Real man would have used MDX ;)
@pedro: you're just saying that because it rhymes to "cam wee sex"
Honestly, I'm just impressed that they used real SQL, a real database, a real terminal emulator, and real Google Maps. So many movies depict hacking/computers in general as looking like some kind of video game...
Relevant: http://www.youtube.com/watch?v=dFUlAQZB9Ng
"It's a UNIX system!"
Congratulations to all for the great comments :)))
Regarding the 'like':
do you know if there is an index on both fname and lname?
If not, a full table will be executed as using the substr.
But the substr is faster.
So the sexy girl is right. Go back to study more guys.
Actually the Terminal title states 'mysql' so that solves the problem before even looking at the syntax.
The terminal window title says "Terminal - mysql". So MySQL it is.
Great post !
You fucking nerds need to get laid...
I have little confidence in policepersons being able to spell dismemberment in their reports. It's not as though they had drop down menus in 1947.
Regarding multiple homicides on a single victim, sure, why not? All you need are methods that are not instantaneous.
They should pipe the output through DECTALK, the Swedish accent would add verisimilitude.
I am not a robot. But my kid is. urytua
@Massimo
> "But the substr is faster."
That's right, "substr(v.fname ,1,1) = 'L'" is much faster than "v.fname like 'L%'". Everyone knows that.
Gotta watch that movie at last, that's one more incentive.
Guys... If the database was perfect they would also have perfect security, which would ruin the whole story.
In the real world, budgets require shit security and shit database design.
I think it's super awesome that they're actually using not only a real computer OS, but an actual real computer language and terminal interface. And you're complaining that the results don't match the query?
Bartholomeus is obviously not aware of the many hot and available women who hang out in the SQL bars of London, just waiting to be impressed by sardonic attacks on the misrepresentation of predicate logic in the contemporary media.
@klippx:
I don't know about the rest of the world, but in Sweden the same crime might get several incident reports, and it won't be cleaned up.
For example: One row for the one witness, and another for another witness if the cops aren't sure it really is the same murder. Another report for the first parts of the body, another for the chopped up parts nearby, and yet another for the place where they dismembered the body (and therefore might actually had killed the victim) etc etc etc.

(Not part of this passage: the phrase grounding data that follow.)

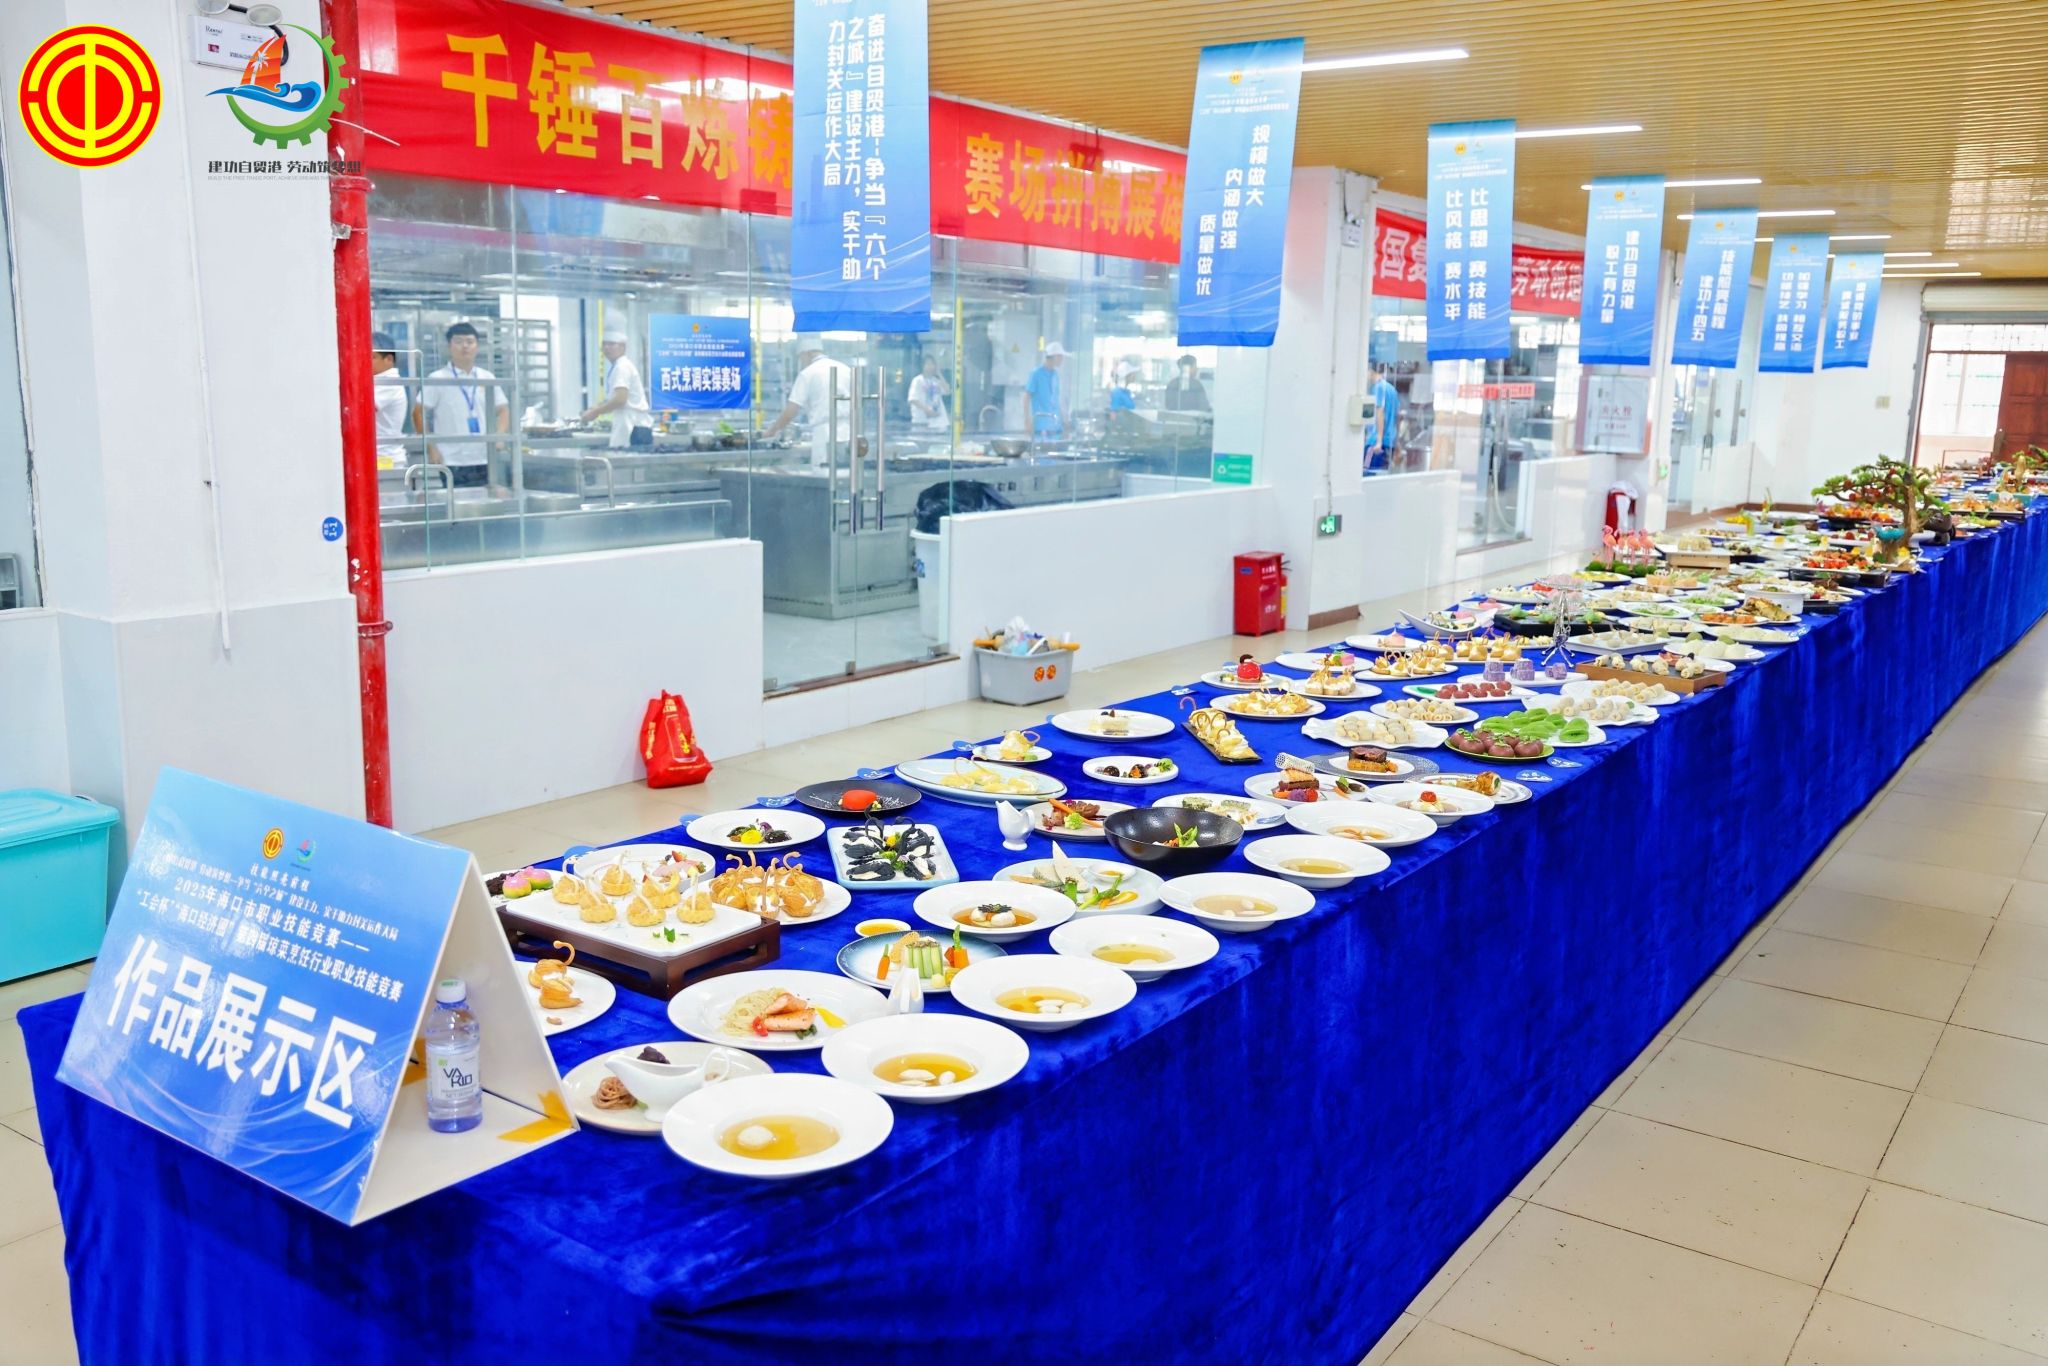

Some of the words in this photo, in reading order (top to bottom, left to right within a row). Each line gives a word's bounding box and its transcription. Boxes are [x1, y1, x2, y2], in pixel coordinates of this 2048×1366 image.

[824, 19, 846, 187] 力封关运作大局
[1245, 124, 1271, 206] 规模做大
[1219, 168, 1244, 250] 内涵做强
[1444, 190, 1463, 250] 比风格
[1195, 214, 1217, 296] 质量做优
[1444, 262, 1462, 321] 赛水平
[1467, 260, 1487, 320] 赛技能
[660, 366, 741, 393] 西式烹调实操赛场
[107, 934, 377, 1129] 作品展示区

In short, there are about 100 murders in Sweden annually, and about 150 reports. If you want to be sure, about the numbers you have to remove multiple rows.
@Logan - we love them for it too. Nobody's complaining.
I look forward to seeing a lot more SQL in the movies after this.
@Robbin - please tell me you hacked into the Västra Götaland police DB for those stats.
strange there are so few results considering they also wanted to know whether a priest was involved in raping a 'female prostitute'; multiply that by 100 if it the homicide involved the rape of a minor....a parody, not to be taken seriously!
Also, I'm fairly sure that Swedish domestic police databases would have keywords in Swedish??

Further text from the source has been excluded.